> [Data provided]
==============================

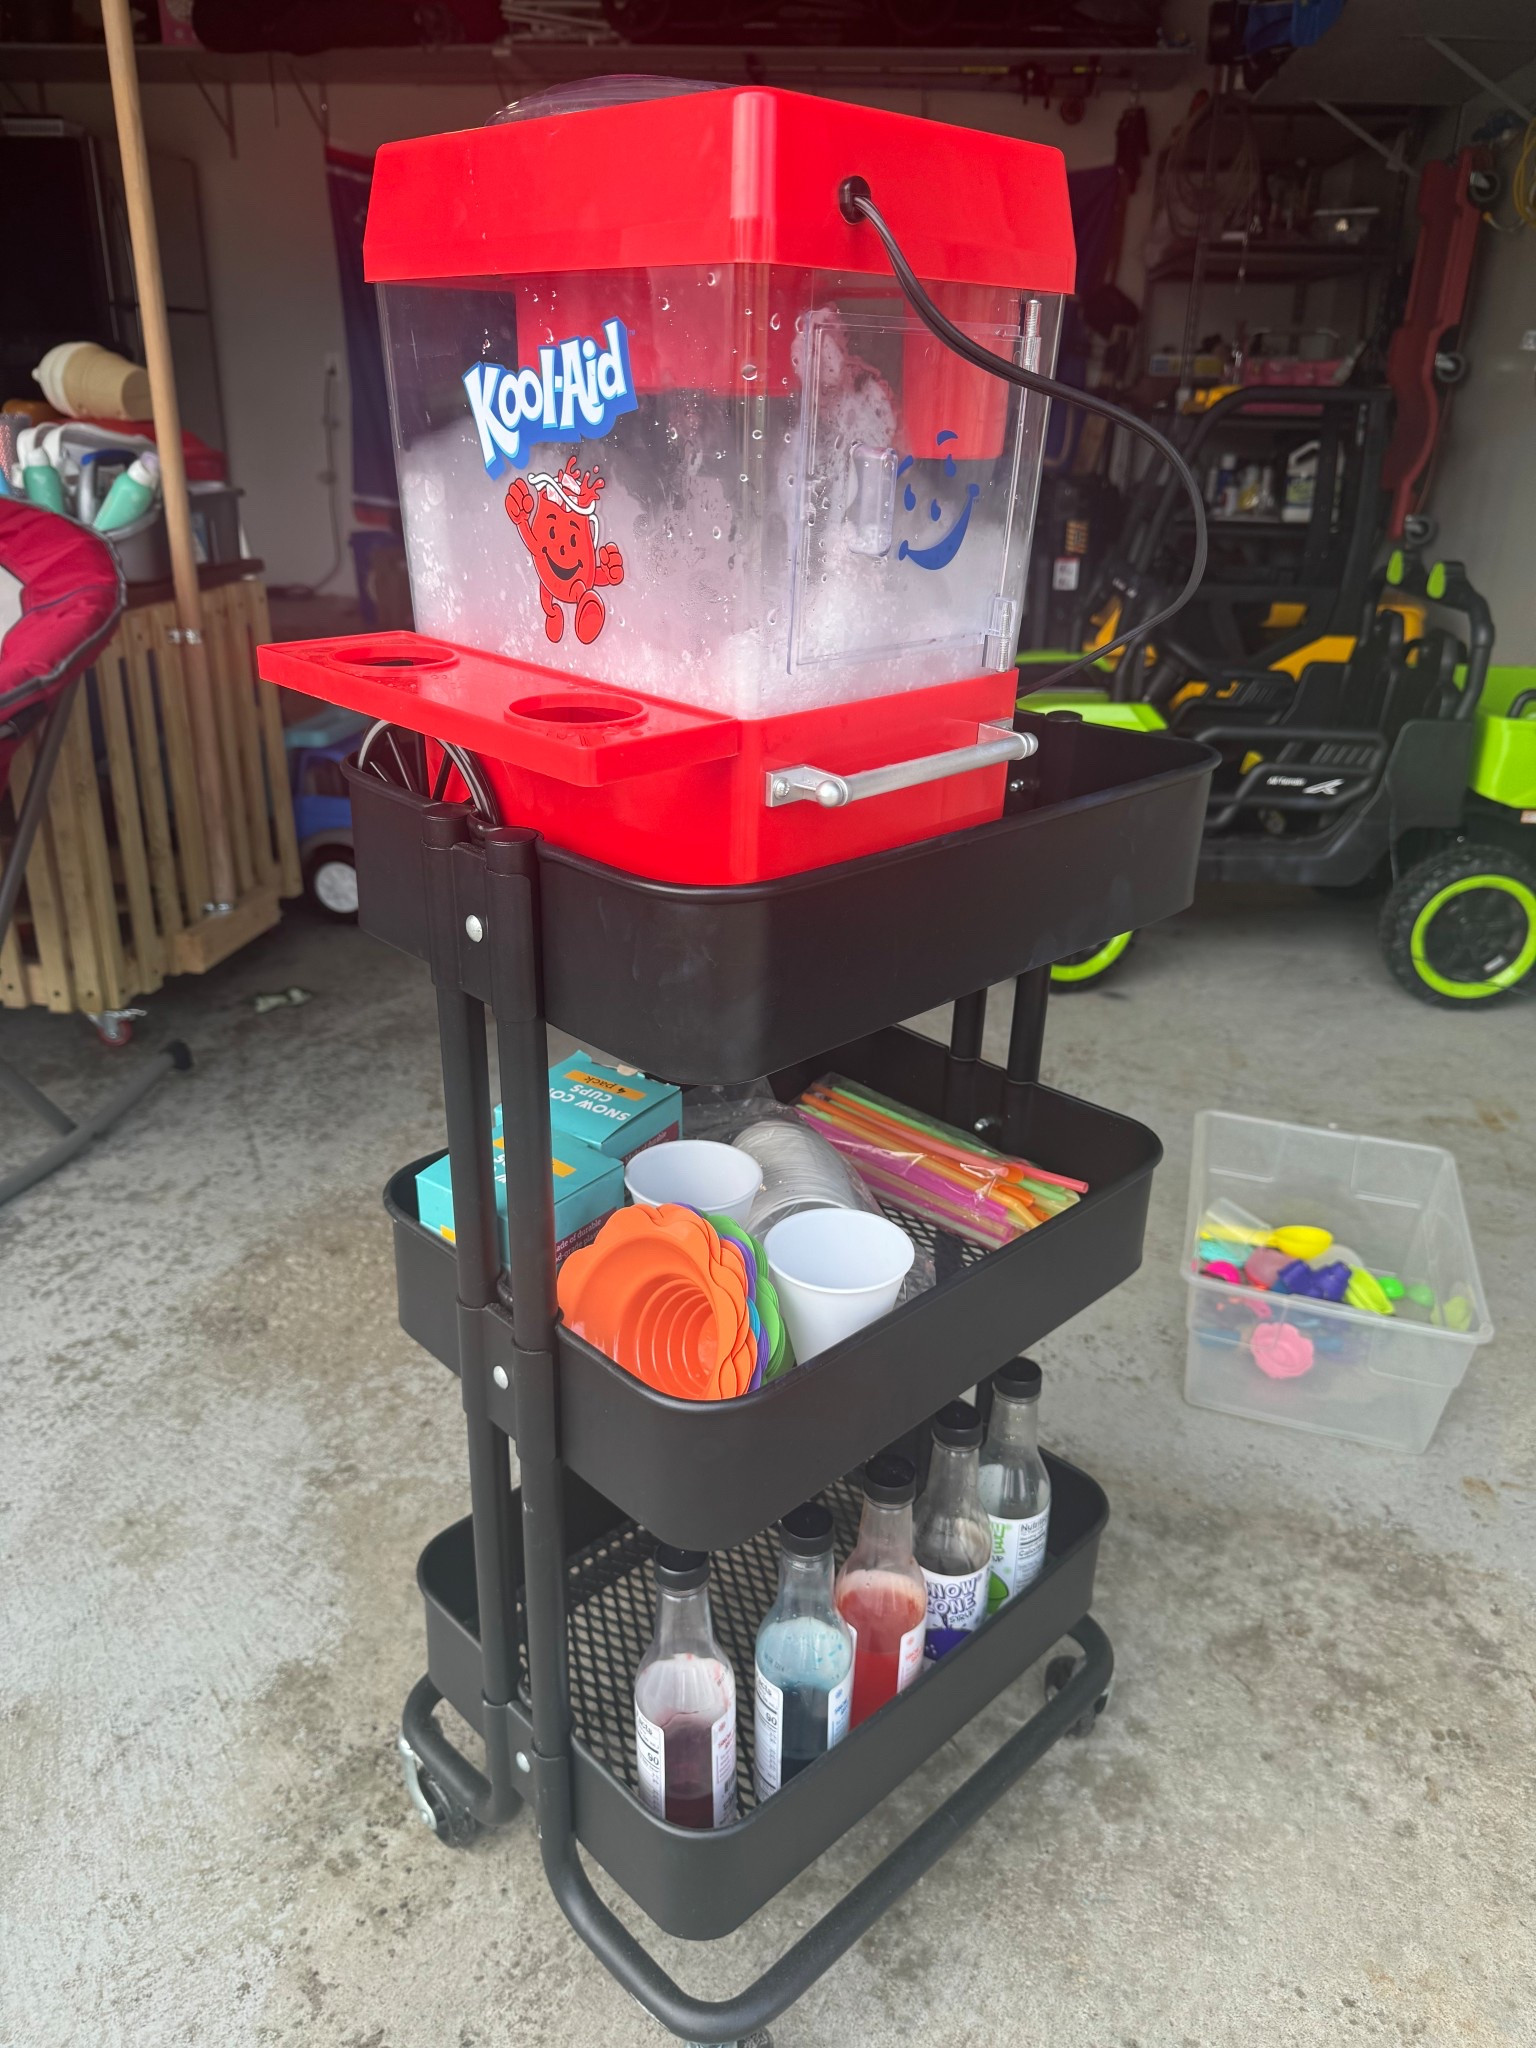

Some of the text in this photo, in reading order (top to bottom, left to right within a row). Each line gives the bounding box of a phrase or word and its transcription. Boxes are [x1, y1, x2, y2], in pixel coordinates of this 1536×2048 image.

[463, 320, 627, 469] Kool-Aid
[584, 1075, 617, 1089] pack
[571, 1084, 613, 1103] CUPS
[549, 1087, 632, 1121] SNOW CO
[556, 1239, 568, 1251] ade
[577, 1219, 601, 1238] durable
[765, 1712, 777, 1725] 90
[647, 1752, 660, 1766] 90

==============================

> [Exercise prompt]
Take every line of the material and copy it exactly, leaving out the pictures.

> [Task solution]
Some of the text in this photo, in reading order (top to bottom, left to right within a row). Each line gives the bounding box of a phrase or word and its transcription. Boxes are [x1, y1, x2, y2], in pixel coordinates of this 1536×2048 image.

[463, 320, 627, 469] Kool-Aid
[584, 1075, 617, 1089] pack
[571, 1084, 613, 1103] CUPS
[549, 1087, 632, 1121] SNOW CO
[556, 1239, 568, 1251] ade
[577, 1219, 601, 1238] durable
[765, 1712, 777, 1725] 90
[647, 1752, 660, 1766] 90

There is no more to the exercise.